The challenge for the sports world is not just that gene transfer would be used to break the rules, but that the therapeutic use of gene transfer may create athletes who are even more capable than the so-called healthy athlete. Intimations of this shift are occurring in the context of Paralympic sport, where the prosthetically enhanced athlete is beginning to surpass the so-called able-bodied athlete, as in the case of South African sprinter Oscar Pistorius.
One of the big challenges that will determine whether WADA's gene doping problem can be solved is their ability to detect it. Yet, the present absence of detection methods, coupled with shifting social values on the morality of enhancement challenges the integrity and relevance of an anti-enhancement movement like anti-doping.
There are already indications of what a sports world full of commercial genetic products might look like. In 2004, the first commercial genetic test for a performance gene emerged on the market, the SportsGeneTest™ commercialised by Genetic Technologies (Australia). Tests of this kind were condemned by WADA at its landmark meeting on gene doping in 2005. WADA is particularly concerned that such tests might discourage young athletes from participating in sport, just because their genetic profile doesn't match the ideal type for a given sport.
Yet, it is unlikely that WADA's advice on the use of genetic tests will have any wider societal impact on the use of tests for more general use. Moreover, even if such tests are frowned upon – in part because their validity is dubious - it is doubtful that the potential harm from their use would be sufficiently serious to warrant their prohibition.
While the same analysis is not likely to hold for medically invasive modifications, like gene transfer, it will be for society to decide how it permits people to accumulate biocultural capital via human enhancements. Yet, rather than devaluing sports, I suspect that there will be considerable interest to witness and experience the extraordinary achievements of genetically modified athletes whom will still be worthy of our admiration. They will still train, struggle and achieve as athletes do today. The only difference will be that their edge over each oither will be determined by chosen genetic differences, rather than those wrought by the genetic lottery. On this basis, gene doping should not be seen as a threat to sport, but an opportunity for it to redefine its boundaries and, potentially, work towards the development of safer forms of performance enhancement.

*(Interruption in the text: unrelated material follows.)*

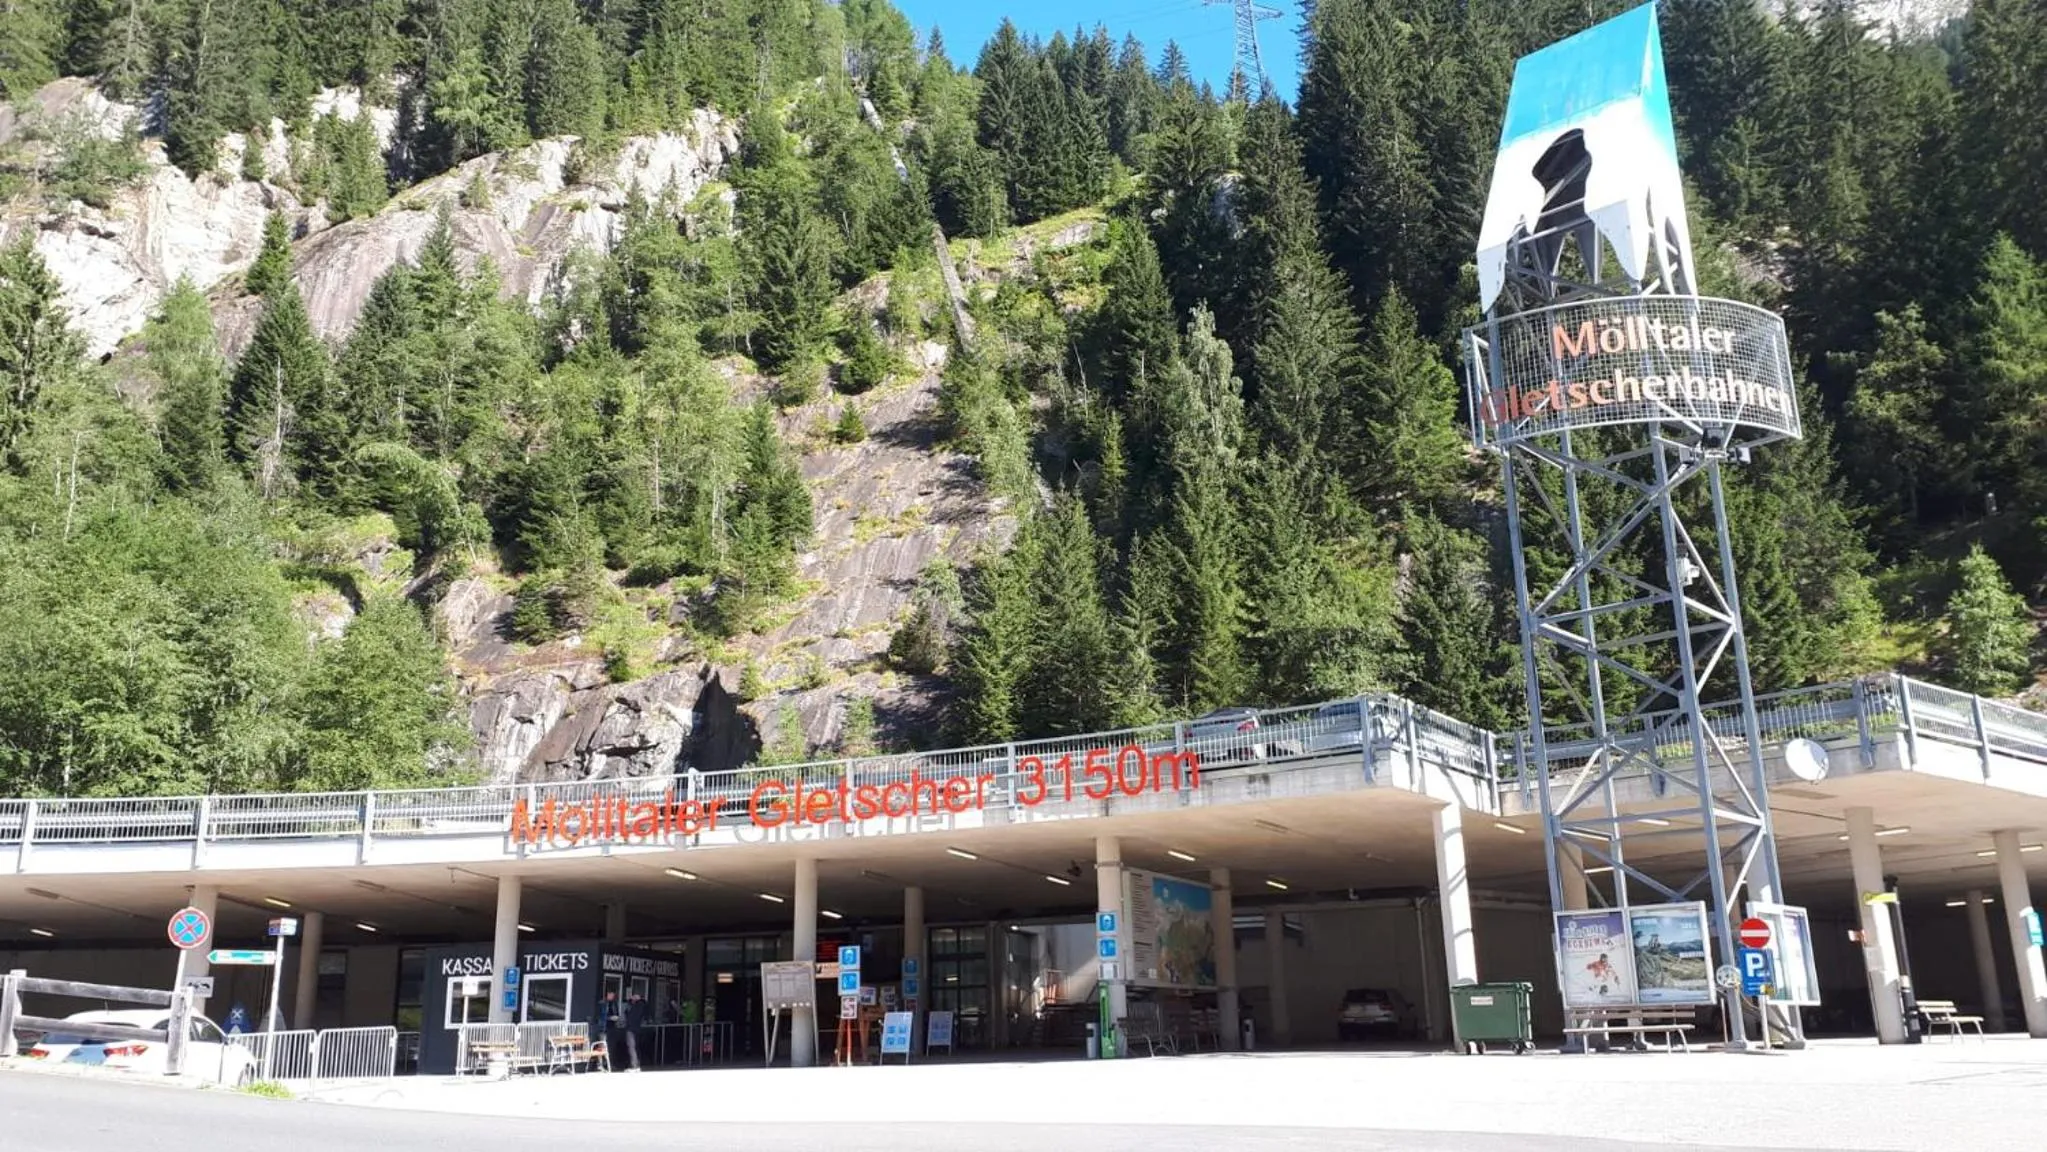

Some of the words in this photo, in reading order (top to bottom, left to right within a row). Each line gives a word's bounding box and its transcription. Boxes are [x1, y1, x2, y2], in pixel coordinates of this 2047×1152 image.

On this final point, I was quoted today in the Edmonton Journal and Vancouver Sun for saying that gene doping my be safer than other doping practices and that it might not be that bad. The critical point here is that, if we are able to develop the technology under controlled conditions, then there's a greater chance of ending up with a safer form of enhancement since, unlike synthetic products, genetic augmentation will be more closely aligned to our indviidaul biochemistry.
I see nothing morally problematic about utilizing genetic technology to promote health and if the consequence of such actions is that we all become as capable of sprinting as Usain Bolt, then all the better. Admittedly, he may have to work a little harder to win the race, but, as we saw from his performance at the Beijing 2008 Olympic Games, that wouldnt be such a difficult task.